> **Problem**:
Verbatim copy without images: repeat the records in full.

> **Record excerpts**:
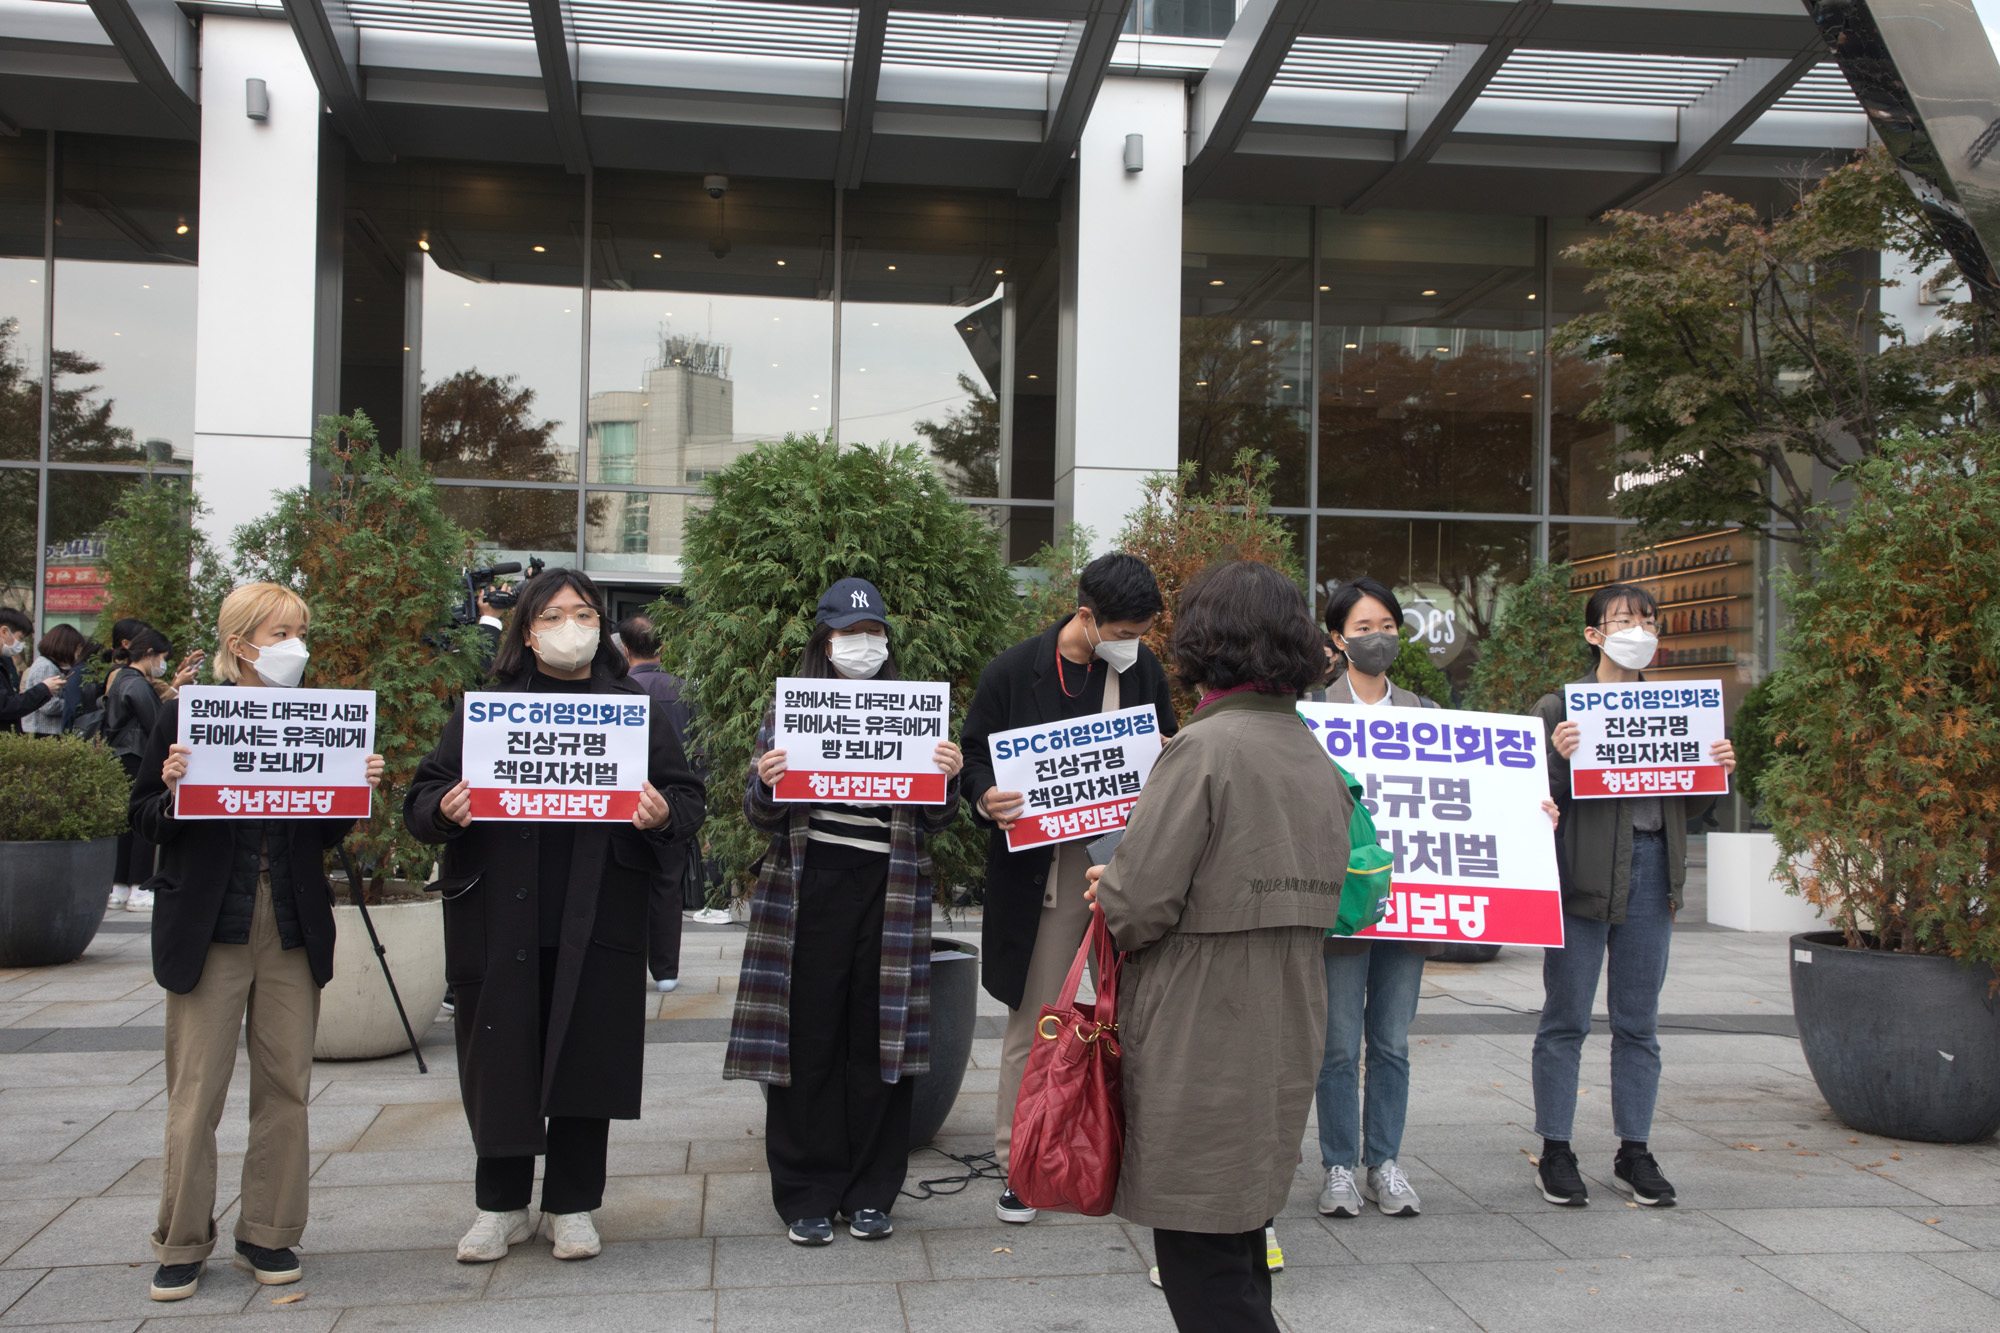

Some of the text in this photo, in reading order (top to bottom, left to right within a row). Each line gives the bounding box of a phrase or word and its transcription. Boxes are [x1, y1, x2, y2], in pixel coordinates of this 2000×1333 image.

[850, 590, 870, 608] NY
[191, 699, 368, 722] 앞에서는 대국민 사과
[784, 691, 943, 712] 앞에서는 대국민 사과
[189, 724, 366, 748] 뒤에서는 유족에게
[784, 713, 941, 737] 뒤에서는 유족에게
[1605, 715, 1688, 738] 진상규명
[507, 731, 607, 756] 진상규명
[822, 740, 902, 760] 빵 보내기
[1305, 717, 1536, 769] 허영인회장
[1596, 741, 1700, 764] 책임자처벌
[233, 752, 324, 773] 빵 보내기
[494, 760, 618, 786] 책임자처벌
[1034, 746, 1126, 783] 진상규명
[809, 773, 914, 799] 청년진보당
[1028, 770, 1142, 809] 책임자처벌
[1602, 770, 1696, 793] 청년진보당
[217, 787, 335, 814] 청년진보당
[499, 790, 611, 817] 청년진보당

> **Written response**:
Some of the text in this photo, in reading order (top to bottom, left to right within a row). Each line gives the bounding box of a phrase or word and its transcription. Boxes are [x1, y1, x2, y2], in pixel coordinates of this 2000×1333 image.

[850, 590, 870, 608] NY
[191, 699, 368, 722] 앞에서는 대국민 사과
[784, 691, 943, 712] 앞에서는 대국민 사과
[189, 724, 366, 748] 뒤에서는 유족에게
[784, 713, 941, 737] 뒤에서는 유족에게
[1605, 715, 1688, 738] 진상규명
[507, 731, 607, 756] 진상규명
[822, 740, 902, 760] 빵 보내기
[1305, 717, 1536, 769] 허영인회장
[1596, 741, 1700, 764] 책임자처벌
[233, 752, 324, 773] 빵 보내기
[494, 760, 618, 786] 책임자처벌
[1034, 746, 1126, 783] 진상규명
[809, 773, 914, 799] 청년진보당
[1028, 770, 1142, 809] 책임자처벌
[1602, 770, 1696, 793] 청년진보당
[217, 787, 335, 814] 청년진보당
[499, 790, 611, 817] 청년진보당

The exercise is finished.